What if we honored grief on a relational-emotional scale?
When we look at grief through the lens of emotional hierarchy, we’ve already lost the plot.
You’ve probably seen it before—maybe in a wellness training, a coaching container, or floating around social media:
This is known as the Hawkins Scale of Emotional Frequency
Pulled from David R. Hawkins’ book Power vs. Force. While common in spiritual and coaching spaces, this metaphysical model—suggesting that emotions have measurable vibrational frequencies—ends up creating another hierarchy of value, where some feelings are seen as better or more evolved than others.
And according to this model?
Grief sucks.
Literally. It’s considered “contractive,” lodged down near shame and apathy. The implication is clear: grief is something to move through quickly in order to “ascend” toward higher states like acceptance, love, and peace.
This approach isn’t just oversimplified—it’s misguided.
The Problem with Ranking Emotions
When we reduce grief to a rung on a vibrational ladder, we:
Shame people for feeling pain
Pathologize natural, necessary processes
Imply that those who are grieving are spiritually or energetically “low” or that those who grieve bring everyone down … UGHHHHH
Reinforce a culture of emotional avoidance—what’s called spiritual bypassing (see previous blog post on that matter).
The truth is: grief is not a detour from healing, connection, or spiritual presence. It is one of the primary ways we access them.
What If We Honored Grief on a Relational-Emotional Scale?
Rather than organizing emotions as “high” and “low,” or “good” or “bad,” what if we honored a vibrational scale that was relational, fluid, and woven?

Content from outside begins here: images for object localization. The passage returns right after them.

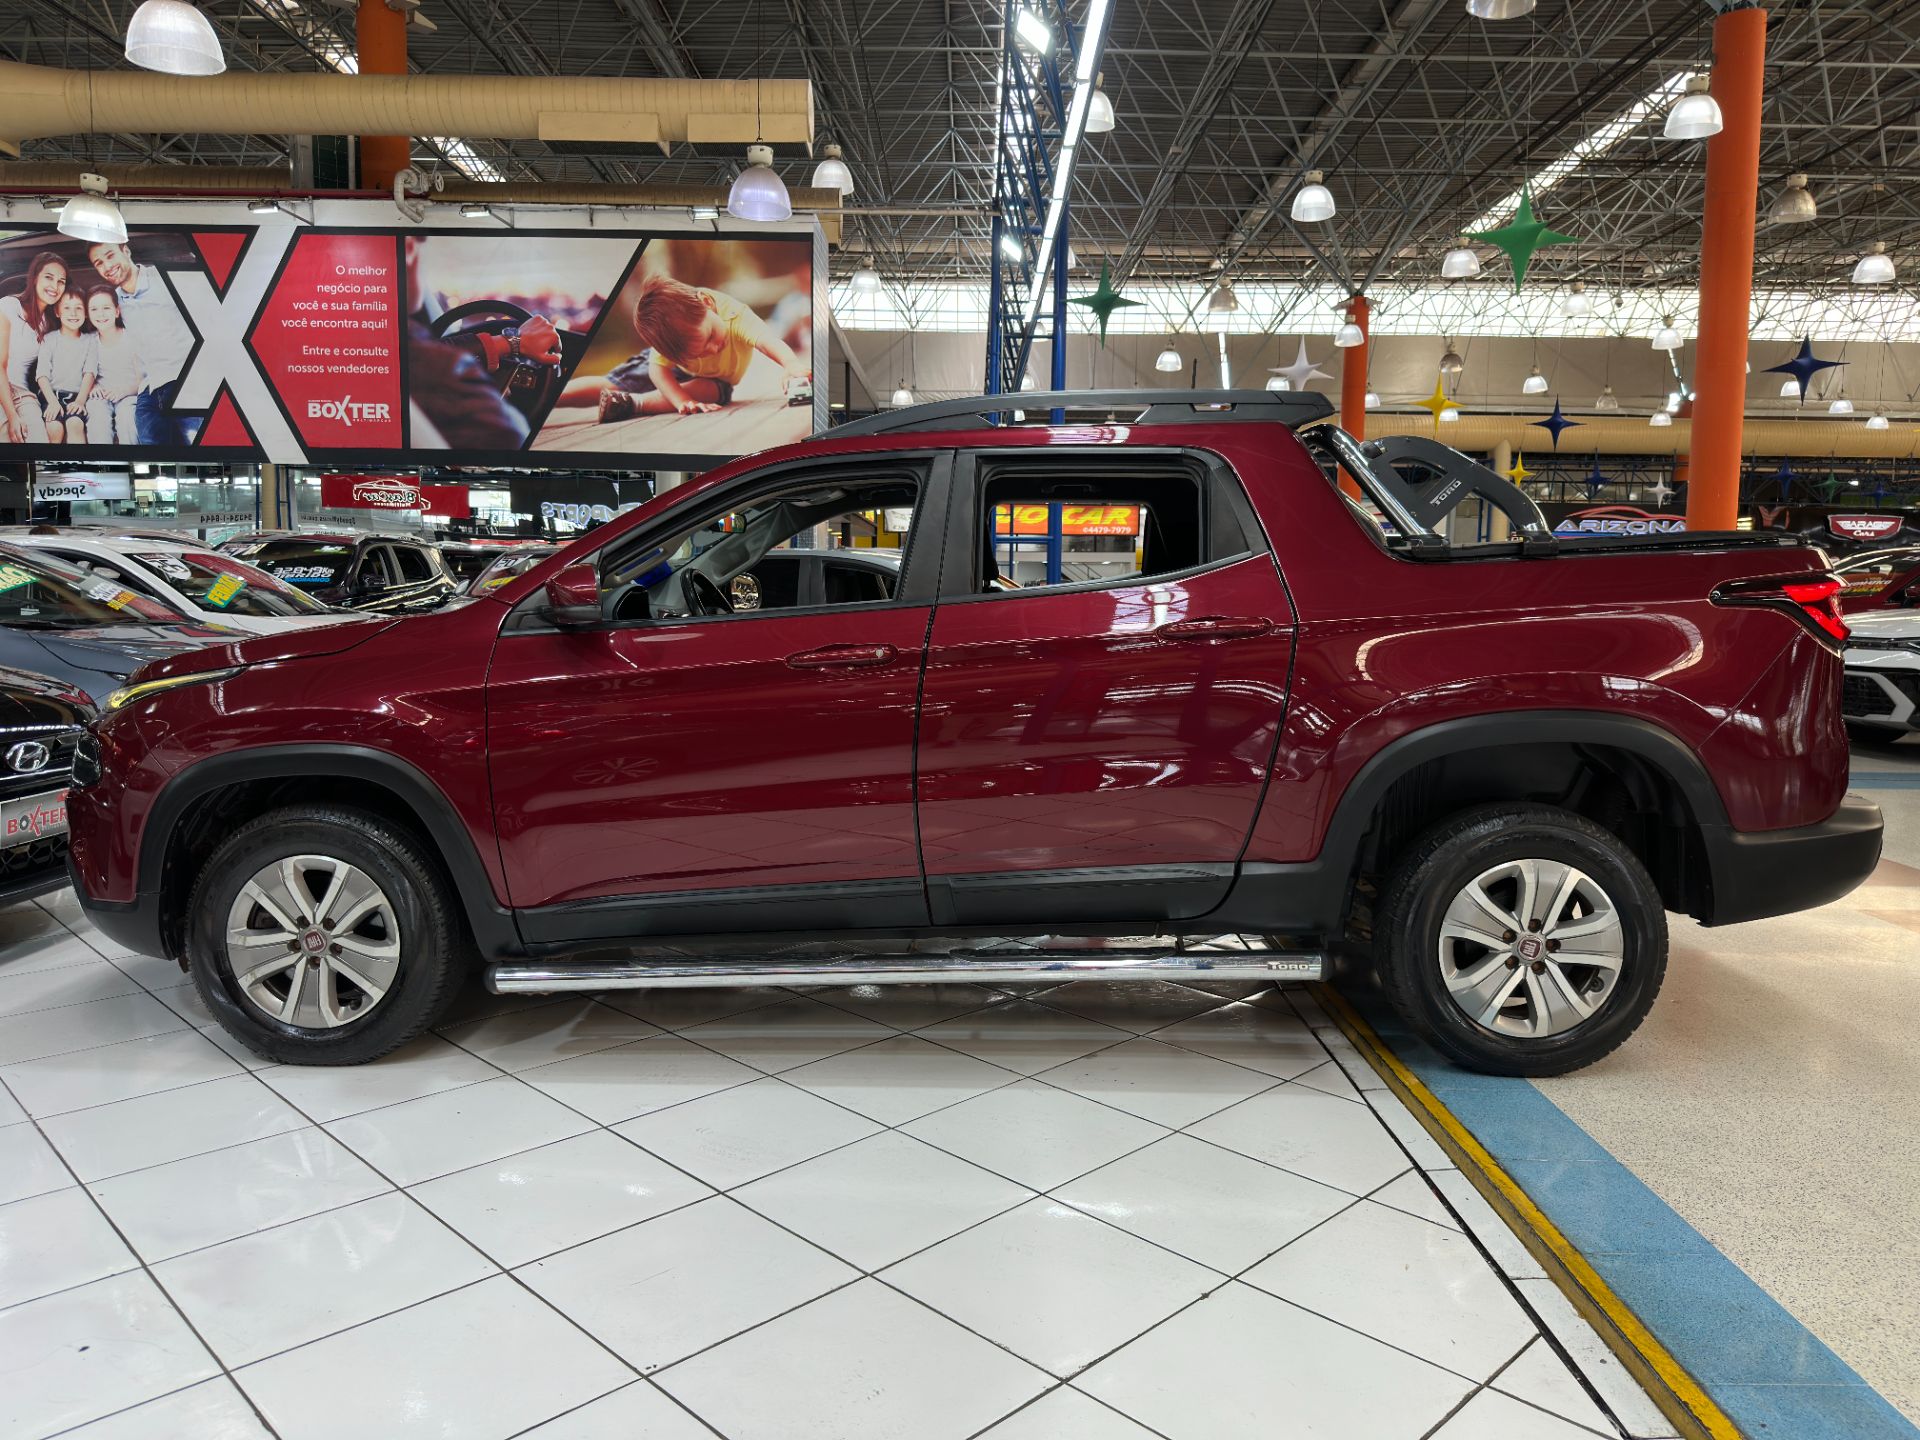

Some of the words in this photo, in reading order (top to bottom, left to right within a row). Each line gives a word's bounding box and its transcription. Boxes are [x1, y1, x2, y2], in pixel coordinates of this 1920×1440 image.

[336, 265, 346, 275] O
[348, 266, 387, 276] melhor
[317, 283, 361, 295] negócio
[364, 285, 387, 295] para
[292, 300, 319, 310] você
[330, 303, 349, 311] sua
[352, 301, 387, 311] família
[281, 317, 308, 328] você
[310, 319, 359, 329] encontra
[361, 319, 388, 331] aqui!
[302, 345, 331, 356] Entre
[333, 348, 340, 356] e
[342, 347, 389, 356] consulte
[287, 365, 325, 373] nossos
[327, 364, 390, 374] vendedores
[308, 395, 391, 427] BOXTER
[1430, 478, 1461, 507] TORO
[1062, 507, 1132, 525] CAR
[7, 804, 67, 837] BOXTER
[1267, 961, 1310, 970] TORO

A scale where grief isn’t below love,
but within it.
Not separate from peace,
but part of how we arrive there.
Grief Is Not an Outlier—It’s an Intelligence
Grief is not a failure of vibration.
It’s a frequency of connection, of yearning, of remembrance.
It is deeply relational, profoundly embodied, and completely integral—
woven through our neurology,
our biology,
and our ecology of attachment, meaning, and presence.

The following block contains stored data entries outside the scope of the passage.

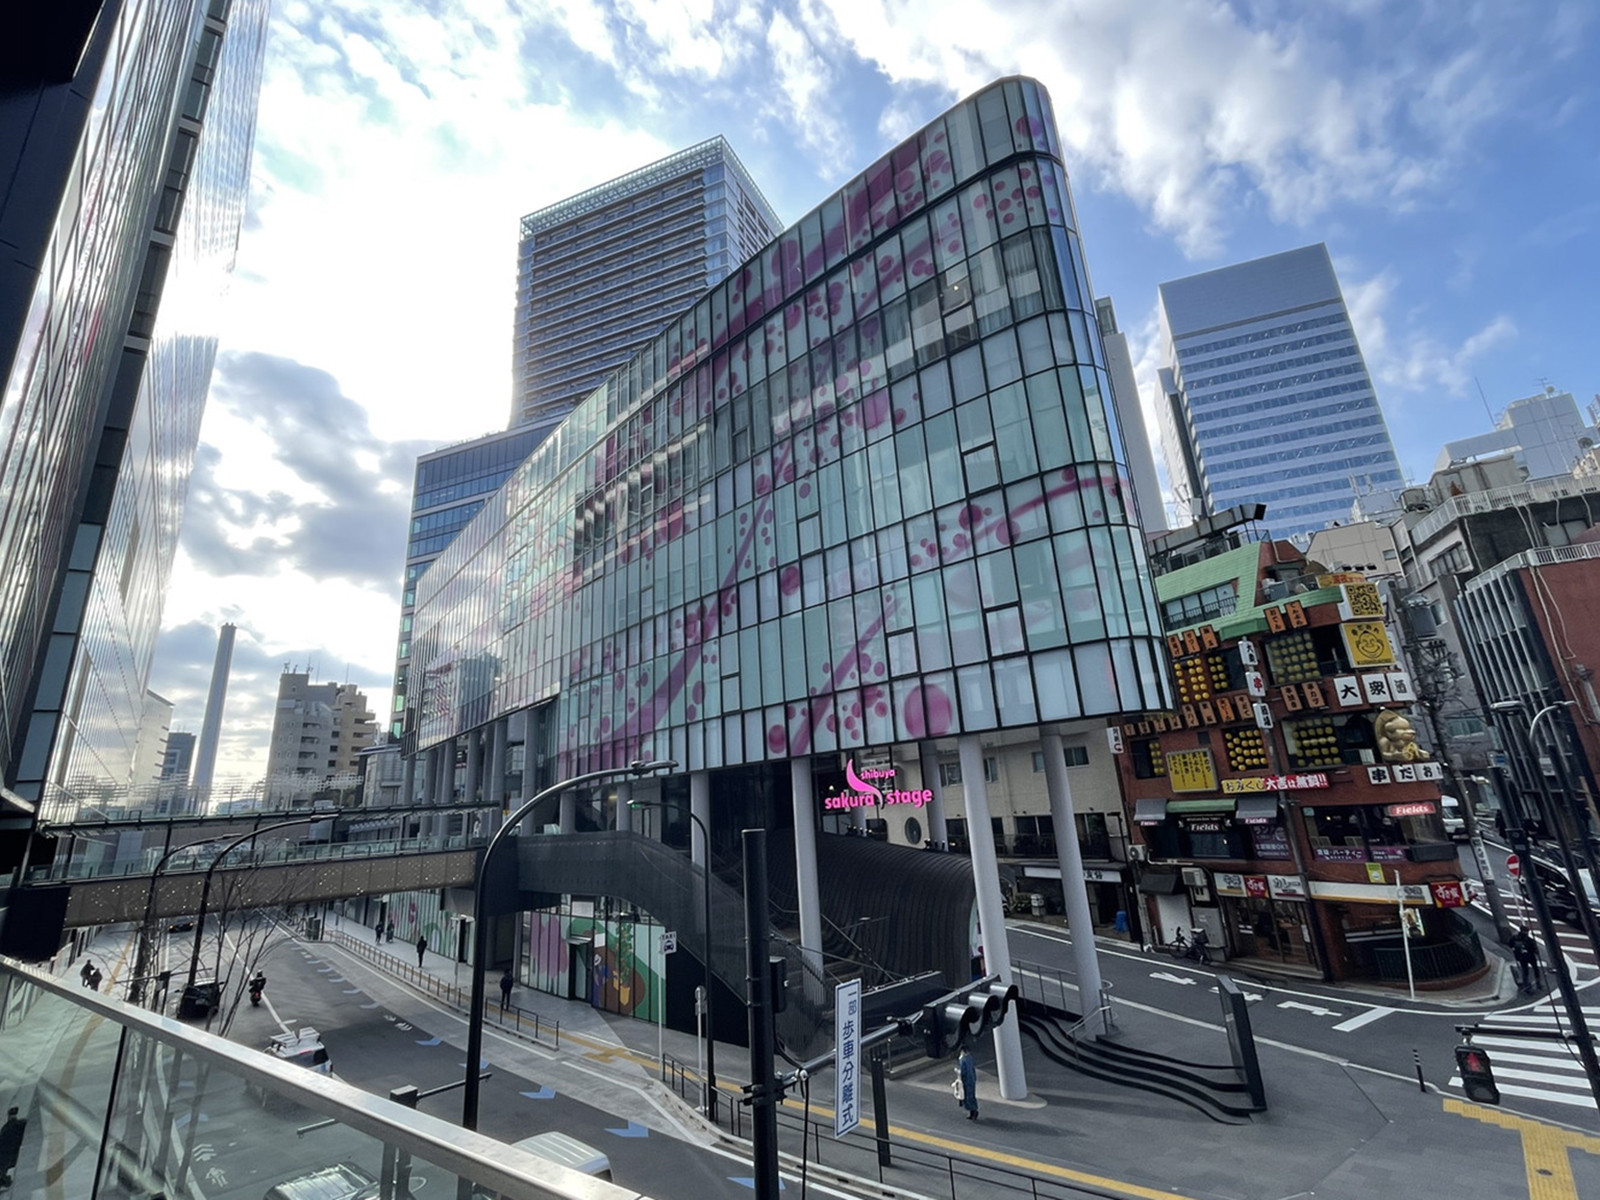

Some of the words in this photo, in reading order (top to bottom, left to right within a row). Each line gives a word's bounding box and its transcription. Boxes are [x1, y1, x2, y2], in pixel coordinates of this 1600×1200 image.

[860, 768, 896, 780] shibuya
[825, 792, 875, 809] sakura
[886, 788, 932, 808] stage
[1395, 805, 1429, 815] Fields
[1191, 823, 1220, 832] Fields
[1436, 885, 1460, 900] すき家

Grief doesn’t live at the edges of life—it lives at its center.
It moves with:
Tenderness
Compassion
Discernment
Wonder
Clarity
To make space for grief is to make space for life.
It doesn’t lower our frequency—it deepens our resonance.
The more room we give grief to move,
the more capacity we grow to show up wisely—for ourselves and each other
INTRODUCING A NEW: “Relational-Emotional Scale”
Instead of high or low, imagine emotional resonance as a relational field—where grief appears throughout the spectrum, shaping how we connect, reflect, and make meaning.
This scale doesn’t ask us to transcend anything, nor does it ask us to live in binaries or dualities. It invites us into a relational field where we befriend grief as a guide—a companion in the practice of living with grace, care, complexity, and connection.
At The Grievery we believe and come together in practice around this very concept. Grief isn’t a vibration to escape—it’s a capacity we cultivate.
It lives inside love.
It expands our range.
And when held with presence, it makes us more human.